2nd President of Seychelles
- In office 5 June 1977 – 14 July 2004
- Vice President: None (1977–1996) James Michel (1996–2004)
- Preceded by: James Mancham
- Succeeded by: James Michel

2nd Prime Minister of Seychelles
- In office 29 June 1976 – 5 June 1977
- President: James Mancham
- Preceded by: James Mancham

Personal details
- Born: 16 November 1935 Victoria, Colony of Seychelles
- Died: 27 February 2019 (aged 83) Mahé, Seychelles
- Party: Seychelles People's Progressive Front
- Spouses: ; Karen Handley ​ ​(m. 1956, divorced)​ ; Geva Adam ​ ​(m. 1975; div. 1992)​ ; Sarah Zarquani ​(m. 1993)​
- Children: 4 daughters
- Alma mater: King's College London
- Profession: Politician; lawyer;

= France-Albert René =

President of Seychelles from 1977 to 2004

France-Albert René (/fr/; 16 November 1935 – 27 February 2019) was a Seychellois lawyer, politician and revolutionary who served as the second President of Seychelles from 1977 to 2004, following a coup d'état that ousted the country's founding president James Mancham. He previously served as the nation’s second and final Prime Minister, from independence in 1976 until the abolition of the post in 1977. He was a leading figure of the Seychelles People’s Progressive Front, later known as United Seychelles.

== Early life ==
France-Albert René was born to Price René, a plantation manager and administrator, and Luisa Morgan René, a seamstress, on 16 November 1935 in Victoria, on the island of Mahé, Crown Colony of Seychelles. He spent his early childhood in Farquhar Atoll before returning to the city at the age of five. There, he attended St Joseph's Convent and later Saint Louis College. At the age of 17, René was awarded a scholarship to study theology at the Capuchin Seminary of St. Maurice in Valais, Switzerland. After his first year, he transferred to St Mary's College, Southampton, England, to study law. In 1957, he graduated from King's College London and joined Middle Temple, where he remained for four years as a barrister.

While abroad, René became involved in the politics of the Labour Party, then led by Clement Attlee and later by Hugh Gaitskell. These experiences led him to adopt a moderate socialist ideology, favouring some state intervention in the economy alongside strong ties with conservative institutions such as the Roman Catholic Church - his initial ambition had been to enter the priesthood. Later in his career, however, René openly criticised local church leaders who opposed his policies. From 1962 to 1964, he studied economics at the London School of Economics.

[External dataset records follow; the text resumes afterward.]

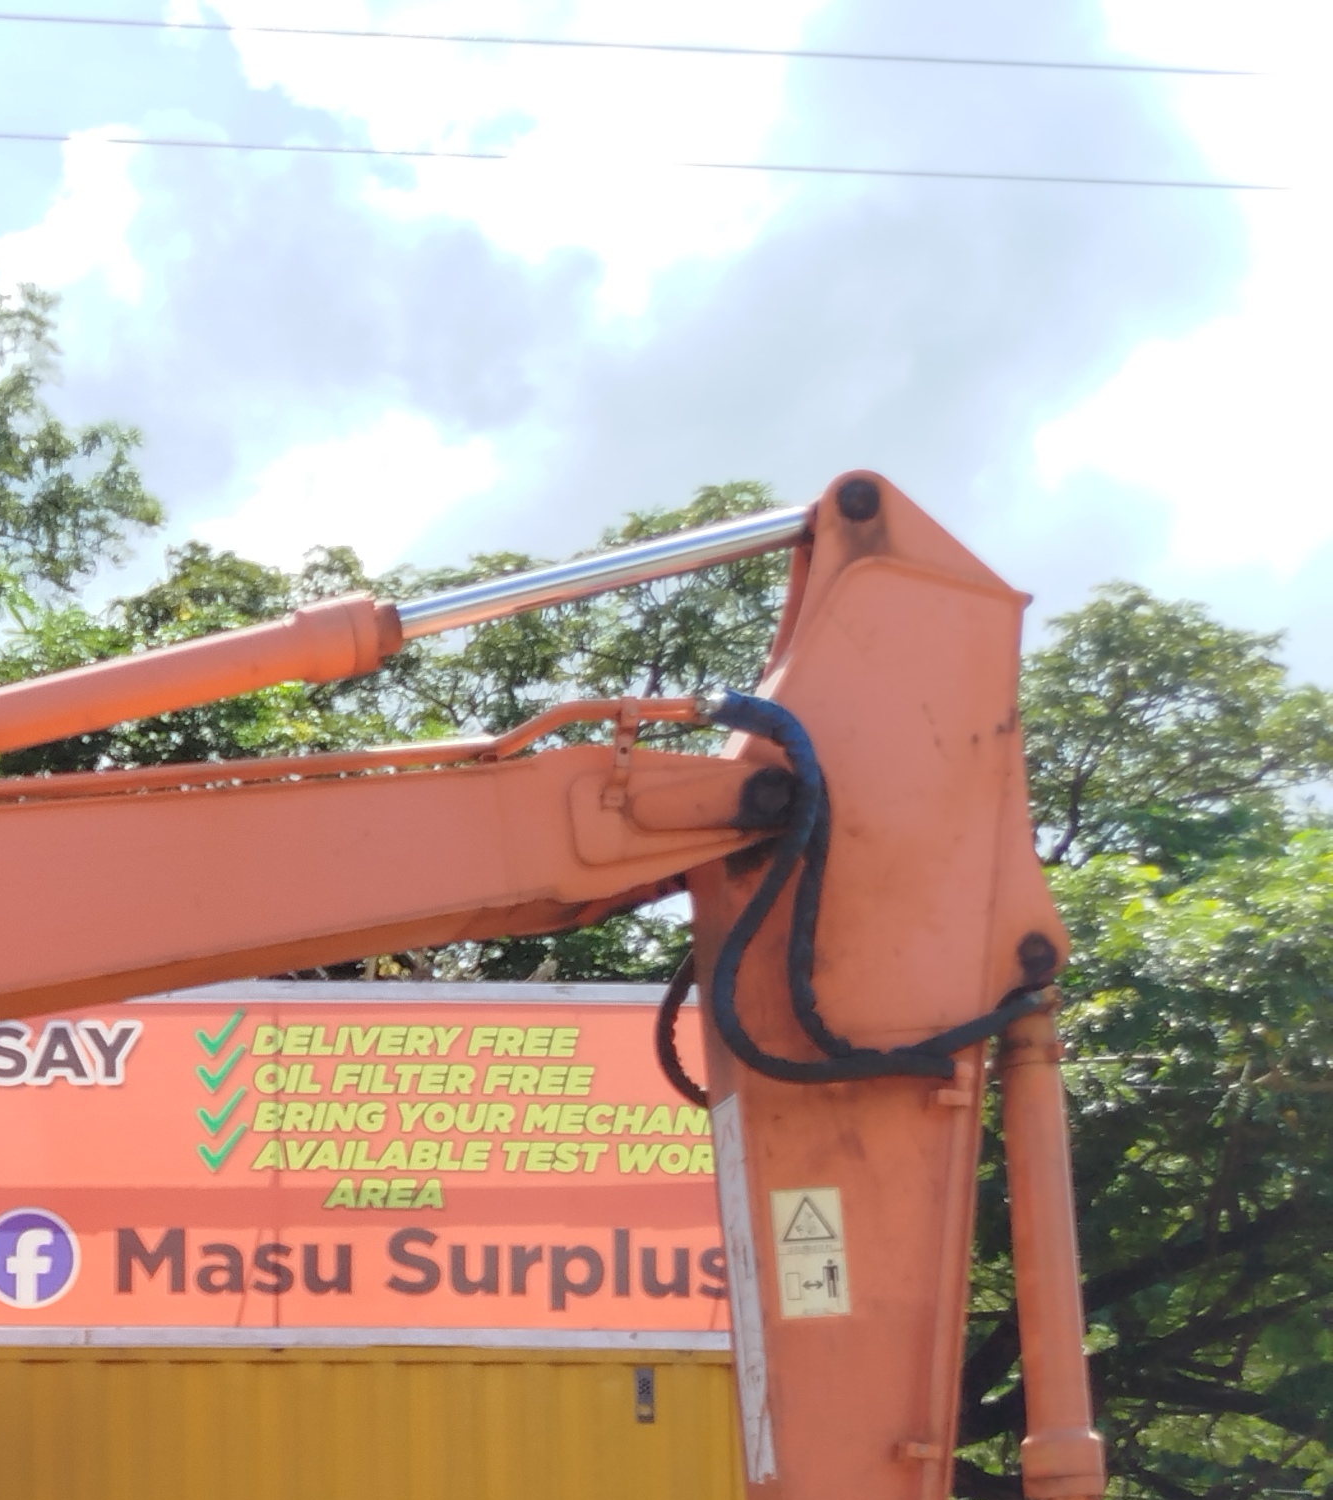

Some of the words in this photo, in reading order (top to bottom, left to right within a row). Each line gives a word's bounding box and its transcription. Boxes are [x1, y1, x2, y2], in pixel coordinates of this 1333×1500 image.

[251, 1025, 455, 1057] DELIVERY
[468, 1027, 579, 1058] FREE
[254, 1064, 322, 1095] OIL
[332, 1065, 476, 1096] FILTER
[483, 1066, 595, 1096] FREE
[253, 1102, 385, 1133] BRING
[400, 1102, 515, 1134] YOUR
[522, 1104, 712, 1137] MECHAN
[250, 1140, 492, 1172] AVAILABLE
[502, 1142, 608, 1172] TEST
[618, 1143, 715, 1175] WOR
[324, 1178, 445, 1210] AREA
[116, 1227, 351, 1296] Masu
[386, 1228, 730, 1310] Surplus

On returning to his homeland in 1964, René began practising law in Victoria. Disillusioned by the social injustices perpetuated under British colonial rule, he decided to participate in Seychelles’ political development. Around this time, he also launched his own newspaper, The People.

=== Politics ===
In 1964, the Seychelles People's United Party (SPUP), the forerunner to the United Seychelles (US), was formed. Led by René, a founding member, they campaigned for socialism and independence from Britain. The same year, James Mancham created the Seychelles Democratic Party (SDP), which, in contrast, represented conservatives, businessmen, and planters, and wanted closer integration with Britain. After being elected to the legislative assembly of the colony in 1965, he actively fought for self-government and then independence. Elections were held in 1966, and the SDP won. In 1970, Seychelles gained a new constitution, universal adult suffrage, and a governing council with an elected majority.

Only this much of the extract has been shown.